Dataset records
·····

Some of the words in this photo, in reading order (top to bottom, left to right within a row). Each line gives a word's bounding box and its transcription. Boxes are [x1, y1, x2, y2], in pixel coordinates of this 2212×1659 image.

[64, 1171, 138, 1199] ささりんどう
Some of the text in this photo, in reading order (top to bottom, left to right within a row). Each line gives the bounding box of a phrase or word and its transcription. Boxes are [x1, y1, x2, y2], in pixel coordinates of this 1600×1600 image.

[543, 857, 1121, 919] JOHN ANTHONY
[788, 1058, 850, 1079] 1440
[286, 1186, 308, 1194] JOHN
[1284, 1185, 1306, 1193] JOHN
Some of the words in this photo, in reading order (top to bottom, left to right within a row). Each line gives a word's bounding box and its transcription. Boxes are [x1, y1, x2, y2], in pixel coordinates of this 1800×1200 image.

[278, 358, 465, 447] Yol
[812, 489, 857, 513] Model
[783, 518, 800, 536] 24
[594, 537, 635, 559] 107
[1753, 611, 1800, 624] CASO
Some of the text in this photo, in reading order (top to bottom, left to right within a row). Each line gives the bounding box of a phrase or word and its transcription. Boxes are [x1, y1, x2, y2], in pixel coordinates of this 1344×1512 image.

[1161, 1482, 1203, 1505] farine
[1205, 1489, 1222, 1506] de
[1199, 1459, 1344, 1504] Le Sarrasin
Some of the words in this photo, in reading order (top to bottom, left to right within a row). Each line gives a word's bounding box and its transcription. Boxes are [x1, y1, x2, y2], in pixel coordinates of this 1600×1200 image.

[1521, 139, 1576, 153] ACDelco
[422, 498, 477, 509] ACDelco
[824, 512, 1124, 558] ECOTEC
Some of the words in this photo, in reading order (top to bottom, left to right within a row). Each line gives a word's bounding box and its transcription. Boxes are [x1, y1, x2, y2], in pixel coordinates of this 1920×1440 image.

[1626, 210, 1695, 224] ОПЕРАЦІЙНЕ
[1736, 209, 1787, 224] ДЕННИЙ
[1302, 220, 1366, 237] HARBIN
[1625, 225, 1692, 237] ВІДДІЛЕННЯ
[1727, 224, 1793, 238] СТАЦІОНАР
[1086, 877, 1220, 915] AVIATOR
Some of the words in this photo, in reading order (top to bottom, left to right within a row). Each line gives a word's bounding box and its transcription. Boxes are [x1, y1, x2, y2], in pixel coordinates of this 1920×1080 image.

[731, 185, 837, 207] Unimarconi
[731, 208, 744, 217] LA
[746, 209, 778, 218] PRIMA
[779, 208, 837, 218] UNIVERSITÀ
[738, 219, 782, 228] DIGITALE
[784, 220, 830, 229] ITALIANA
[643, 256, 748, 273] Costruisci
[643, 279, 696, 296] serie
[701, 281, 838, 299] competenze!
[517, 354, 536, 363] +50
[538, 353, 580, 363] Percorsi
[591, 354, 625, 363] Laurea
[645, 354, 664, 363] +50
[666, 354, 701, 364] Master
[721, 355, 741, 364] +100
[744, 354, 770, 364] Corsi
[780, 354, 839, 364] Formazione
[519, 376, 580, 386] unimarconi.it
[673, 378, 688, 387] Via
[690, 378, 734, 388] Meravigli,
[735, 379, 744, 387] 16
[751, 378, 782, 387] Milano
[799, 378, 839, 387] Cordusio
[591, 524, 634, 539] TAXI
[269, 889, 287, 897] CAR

·····

Problem description
Write out the entries verbatim, all of them.

Solution for this exercise
Some of the words in this photo, in reading order (top to bottom, left to right within a row). Each line gives a word's bounding box and its transcription. Boxes are [x1, y1, x2, y2], in pixel coordinates of this 2212×1659 image.

[64, 1171, 138, 1199] ささりんどう
Some of the text in this photo, in reading order (top to bottom, left to right within a row). Each line gives the bounding box of a phrase or word and its transcription. Boxes are [x1, y1, x2, y2], in pixel coordinates of this 1600×1600 image.

[543, 857, 1121, 919] JOHN ANTHONY
[788, 1058, 850, 1079] 1440
[286, 1186, 308, 1194] JOHN
[1284, 1185, 1306, 1193] JOHN
Some of the words in this photo, in reading order (top to bottom, left to right within a row). Each line gives a word's bounding box and its transcription. Boxes are [x1, y1, x2, y2], in pixel coordinates of this 1800×1200 image.

[278, 358, 465, 447] Yol
[812, 489, 857, 513] Model
[783, 518, 800, 536] 24
[594, 537, 635, 559] 107
[1753, 611, 1800, 624] CASO
Some of the text in this photo, in reading order (top to bottom, left to right within a row). Each line gives the bounding box of a phrase or word and its transcription. Boxes are [x1, y1, x2, y2], in pixel coordinates of this 1344×1512 image.

[1161, 1482, 1203, 1505] farine
[1205, 1489, 1222, 1506] de
[1199, 1459, 1344, 1504] Le Sarrasin
Some of the words in this photo, in reading order (top to bottom, left to right within a row). Each line gives a word's bounding box and its transcription. Boxes are [x1, y1, x2, y2], in pixel coordinates of this 1600×1200 image.

[1521, 139, 1576, 153] ACDelco
[422, 498, 477, 509] ACDelco
[824, 512, 1124, 558] ECOTEC
Some of the words in this photo, in reading order (top to bottom, left to right within a row). Each line gives a word's bounding box and its transcription. Boxes are [x1, y1, x2, y2], in pixel coordinates of this 1920×1440 image.

[1626, 210, 1695, 224] ОПЕРАЦІЙНЕ
[1736, 209, 1787, 224] ДЕННИЙ
[1302, 220, 1366, 237] HARBIN
[1625, 225, 1692, 237] ВІДДІЛЕННЯ
[1727, 224, 1793, 238] СТАЦІОНАР
[1086, 877, 1220, 915] AVIATOR
Some of the words in this photo, in reading order (top to bottom, left to right within a row). Each line gives a word's bounding box and its transcription. Boxes are [x1, y1, x2, y2], in pixel coordinates of this 1920×1080 image.

[731, 185, 837, 207] Unimarconi
[731, 208, 744, 217] LA
[746, 209, 778, 218] PRIMA
[779, 208, 837, 218] UNIVERSITÀ
[738, 219, 782, 228] DIGITALE
[784, 220, 830, 229] ITALIANA
[643, 256, 748, 273] Costruisci
[643, 279, 696, 296] serie
[701, 281, 838, 299] competenze!
[517, 354, 536, 363] +50
[538, 353, 580, 363] Percorsi
[591, 354, 625, 363] Laurea
[645, 354, 664, 363] +50
[666, 354, 701, 364] Master
[721, 355, 741, 364] +100
[744, 354, 770, 364] Corsi
[780, 354, 839, 364] Formazione
[519, 376, 580, 386] unimarconi.it
[673, 378, 688, 387] Via
[690, 378, 734, 388] Meravigli,
[735, 379, 744, 387] 16
[751, 378, 782, 387] Milano
[799, 378, 839, 387] Cordusio
[591, 524, 634, 539] TAXI
[269, 889, 287, 897] CAR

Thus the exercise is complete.